Beginning with the line that holds "Some of the text", set down each line of the data below through the very last, exactly as given, and nothing beyond that.

> _Extracted data_:

——

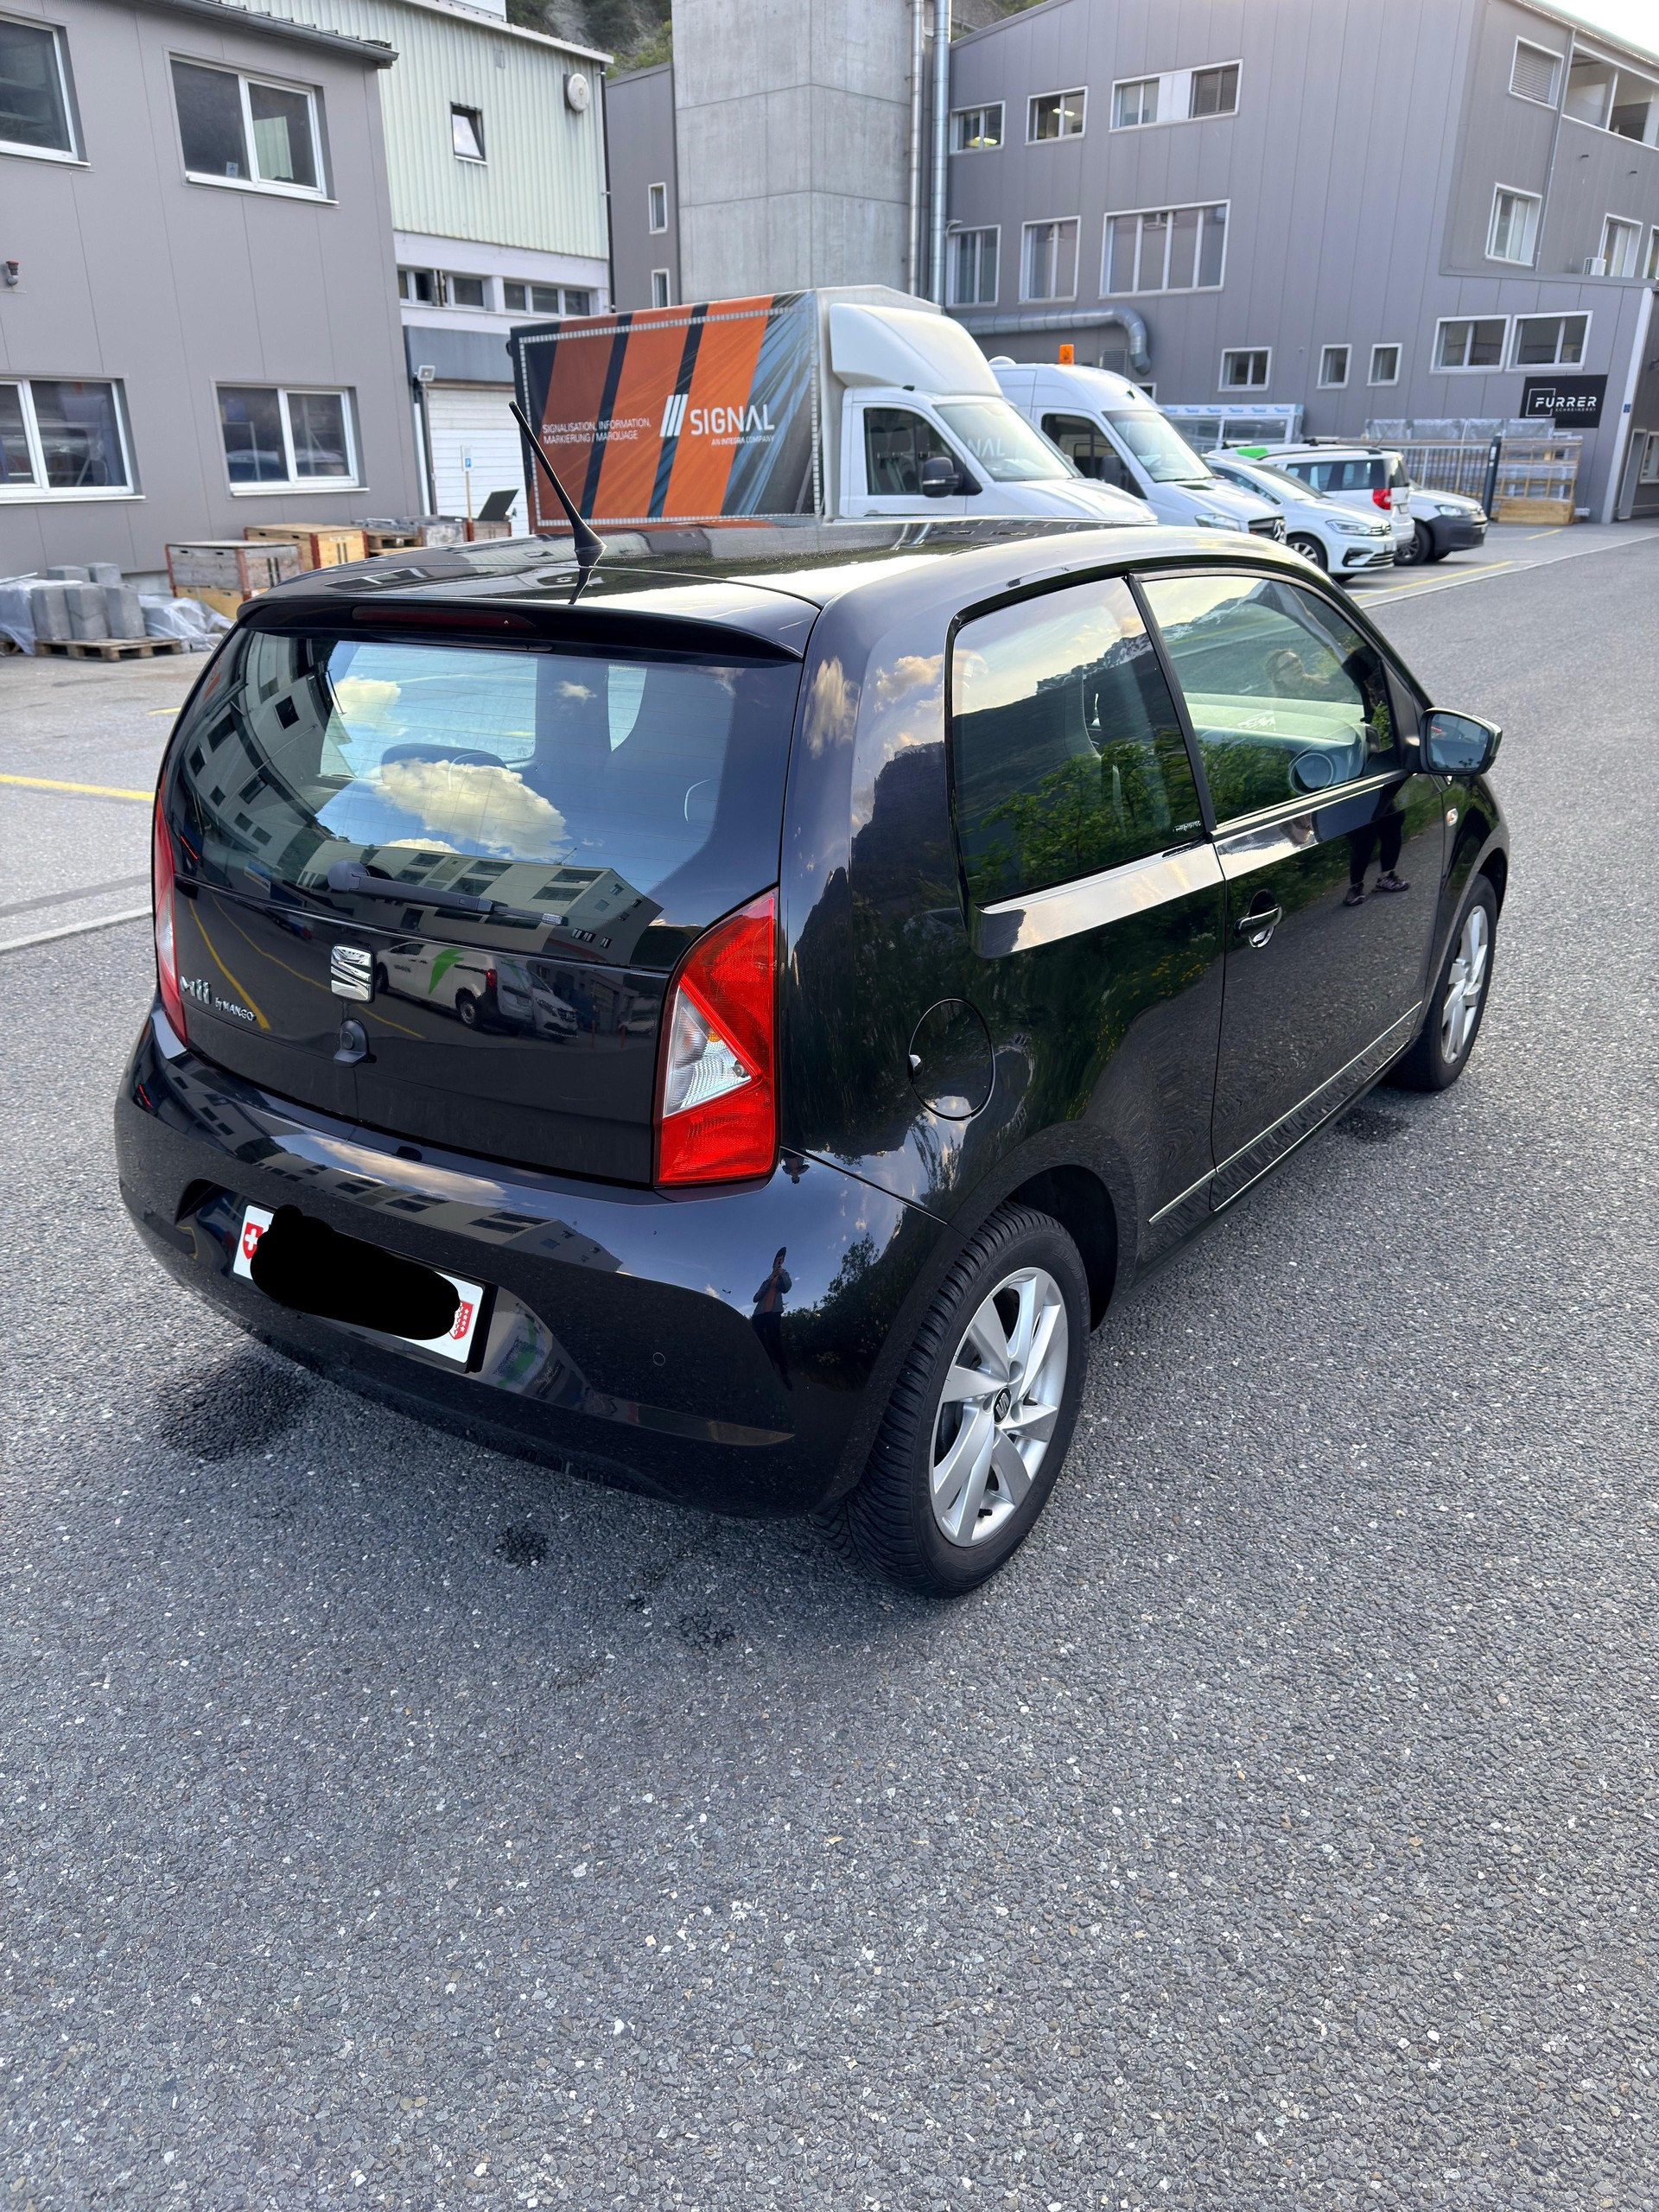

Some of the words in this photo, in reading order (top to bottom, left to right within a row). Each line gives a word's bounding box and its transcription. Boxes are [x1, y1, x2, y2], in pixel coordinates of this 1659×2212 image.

[1535, 396, 1597, 408] FURRER
[690, 404, 775, 435] SIGNAL
[543, 433, 591, 444] MARKIERUNG
[595, 429, 639, 442] MARQUAGE
[223, 1001, 256, 1021] MANGO
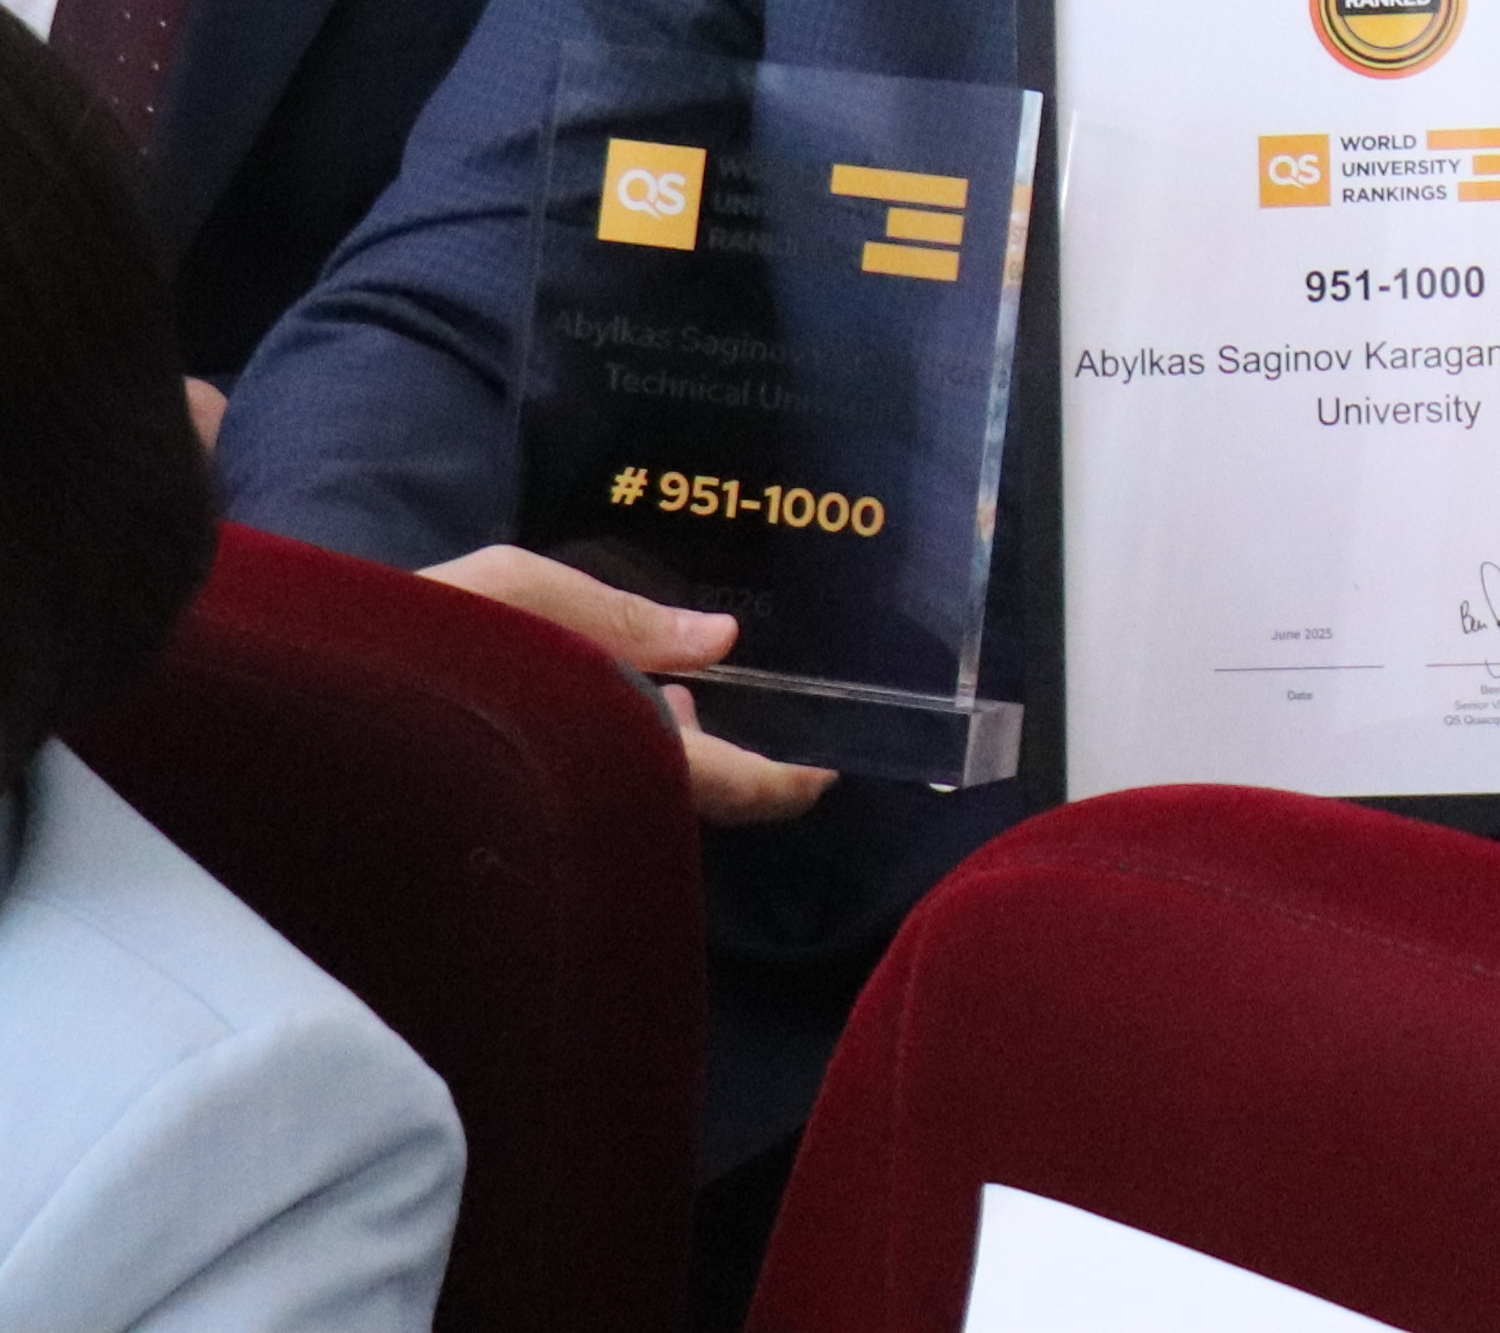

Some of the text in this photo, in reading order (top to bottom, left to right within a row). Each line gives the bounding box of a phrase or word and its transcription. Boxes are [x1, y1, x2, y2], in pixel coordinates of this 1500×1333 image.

[1340, 134, 1417, 152] WORLD
[1268, 154, 1322, 189] QS
[1341, 158, 1462, 177] UNIVERSITY
[617, 168, 687, 221] QS
[1342, 185, 1448, 204] RANKINGS
[1305, 265, 1486, 303] 951-1000
[1074, 347, 1205, 385] Abylkas
[1218, 344, 1352, 380] Saginov
[1317, 394, 1481, 430] University
[610, 466, 885, 538] # 951-1000
[1271, 630, 1301, 641] June
[1286, 690, 1313, 701] Date

——

> _Output for this task_:
Some of the text in this photo, in reading order (top to bottom, left to right within a row). Each line gives the bounding box of a phrase or word and its transcription. Boxes are [x1, y1, x2, y2], in pixel coordinates of this 1500×1333 image.

[1340, 134, 1417, 152] WORLD
[1268, 154, 1322, 189] QS
[1341, 158, 1462, 177] UNIVERSITY
[617, 168, 687, 221] QS
[1342, 185, 1448, 204] RANKINGS
[1305, 265, 1486, 303] 951-1000
[1074, 347, 1205, 385] Abylkas
[1218, 344, 1352, 380] Saginov
[1317, 394, 1481, 430] University
[610, 466, 885, 538] # 951-1000
[1271, 630, 1301, 641] June
[1286, 690, 1313, 701] Date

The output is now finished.